Phrase grounding data:
--------------------------------

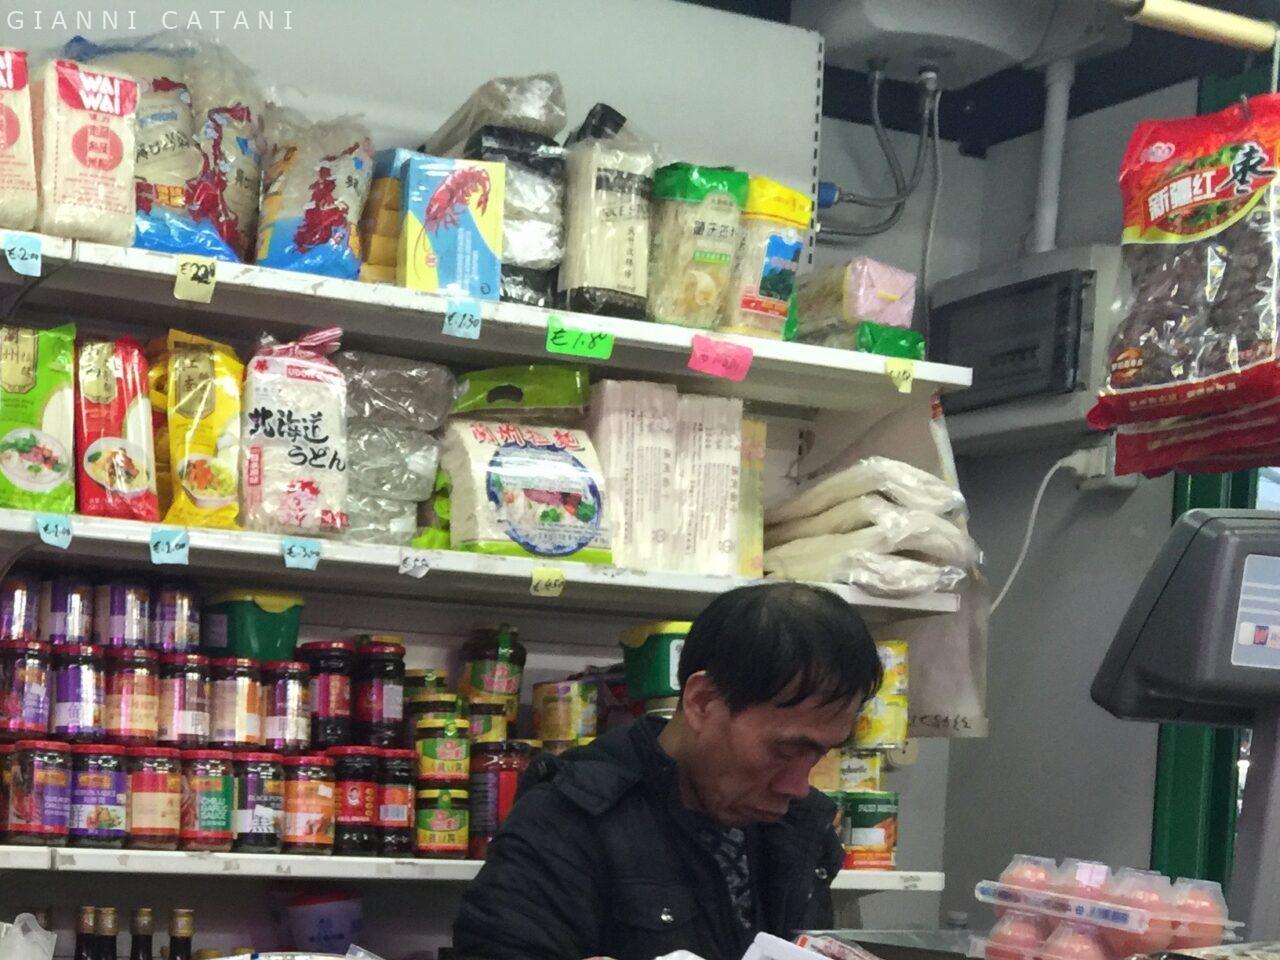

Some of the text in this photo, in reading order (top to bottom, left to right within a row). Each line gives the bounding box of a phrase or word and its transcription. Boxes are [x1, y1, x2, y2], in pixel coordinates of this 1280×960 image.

[79, 71, 120, 93] WAI
[79, 91, 120, 114] WAI
[248, 406, 330, 444] 北海道
[288, 445, 347, 472] うどん
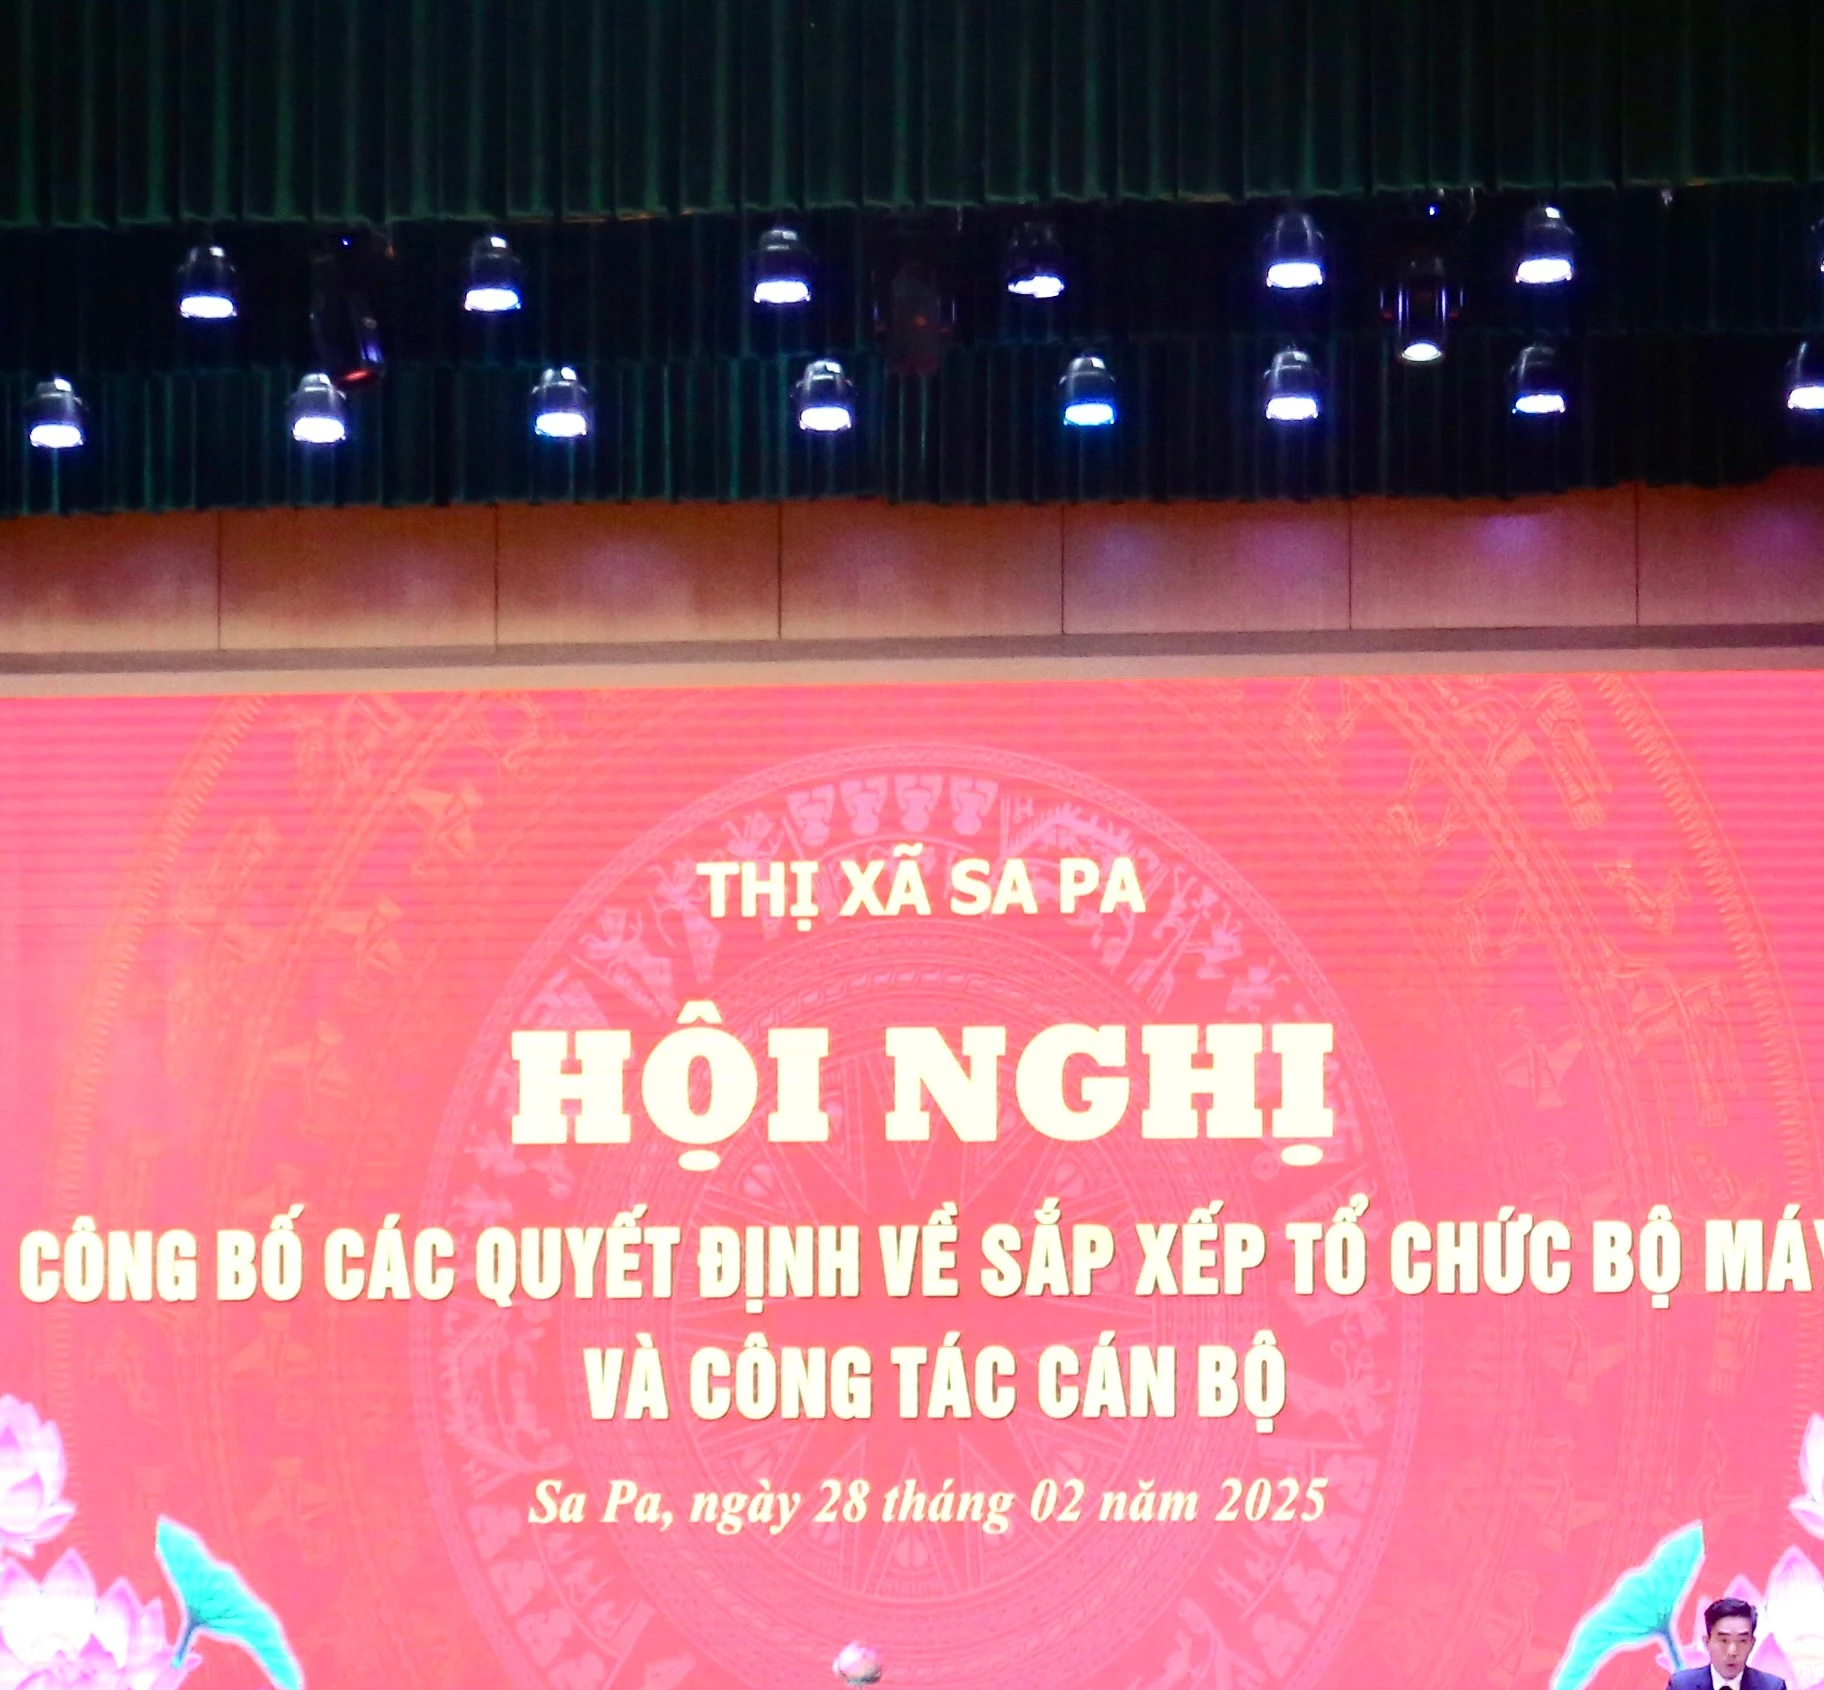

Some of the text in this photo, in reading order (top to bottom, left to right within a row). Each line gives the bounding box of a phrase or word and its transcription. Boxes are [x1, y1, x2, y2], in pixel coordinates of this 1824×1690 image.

[696, 843, 1146, 931] THỊ XÃ SA PA
[511, 1000, 1334, 1171] HỘI NGHỊ
[19, 1215, 197, 1302] CÔNG
[217, 1204, 304, 1301] BỐ
[324, 1213, 455, 1301] CÁC
[476, 1203, 681, 1307] QUYẾT
[697, 1225, 859, 1313] ĐỊNH
[879, 1201, 958, 1296] VỀ
[981, 1197, 1114, 1297] SẮP
[1135, 1200, 1265, 1295] XẾP
[1285, 1194, 1369, 1295] TỔ
[1391, 1206, 1571, 1294] CHỨC
[1593, 1205, 1681, 1309] BỘ
[583, 1329, 1285, 1433] VÀ CÔNG TÁC CÁN BỘ
[528, 1477, 1329, 1535] Sa Pa, ngày 28 tháng 02 năm 2025

--------------------------------

Omitting all images, retype each line of the records precisely.

Some of the text in this photo, in reading order (top to bottom, left to right within a row). Each line gives the bounding box of a phrase or word and its transcription. Boxes are [x1, y1, x2, y2], in pixel coordinates of this 1280×960 image.

[79, 71, 120, 93] WAI
[79, 91, 120, 114] WAI
[248, 406, 330, 444] 北海道
[288, 445, 347, 472] うどん

Some of the text in this photo, in reading order (top to bottom, left to right within a row). Each line gives the bounding box of a phrase or word and its transcription. Boxes are [x1, y1, x2, y2], in pixel coordinates of this 1824×1690 image.

[696, 843, 1146, 931] THỊ XÃ SA PA
[511, 1000, 1334, 1171] HỘI NGHỊ
[19, 1215, 197, 1302] CÔNG
[217, 1204, 304, 1301] BỐ
[324, 1213, 455, 1301] CÁC
[476, 1203, 681, 1307] QUYẾT
[697, 1225, 859, 1313] ĐỊNH
[879, 1201, 958, 1296] VỀ
[981, 1197, 1114, 1297] SẮP
[1135, 1200, 1265, 1295] XẾP
[1285, 1194, 1369, 1295] TỔ
[1391, 1206, 1571, 1294] CHỨC
[1593, 1205, 1681, 1309] BỘ
[583, 1329, 1285, 1433] VÀ CÔNG TÁC CÁN BỘ
[528, 1477, 1329, 1535] Sa Pa, ngày 28 tháng 02 năm 2025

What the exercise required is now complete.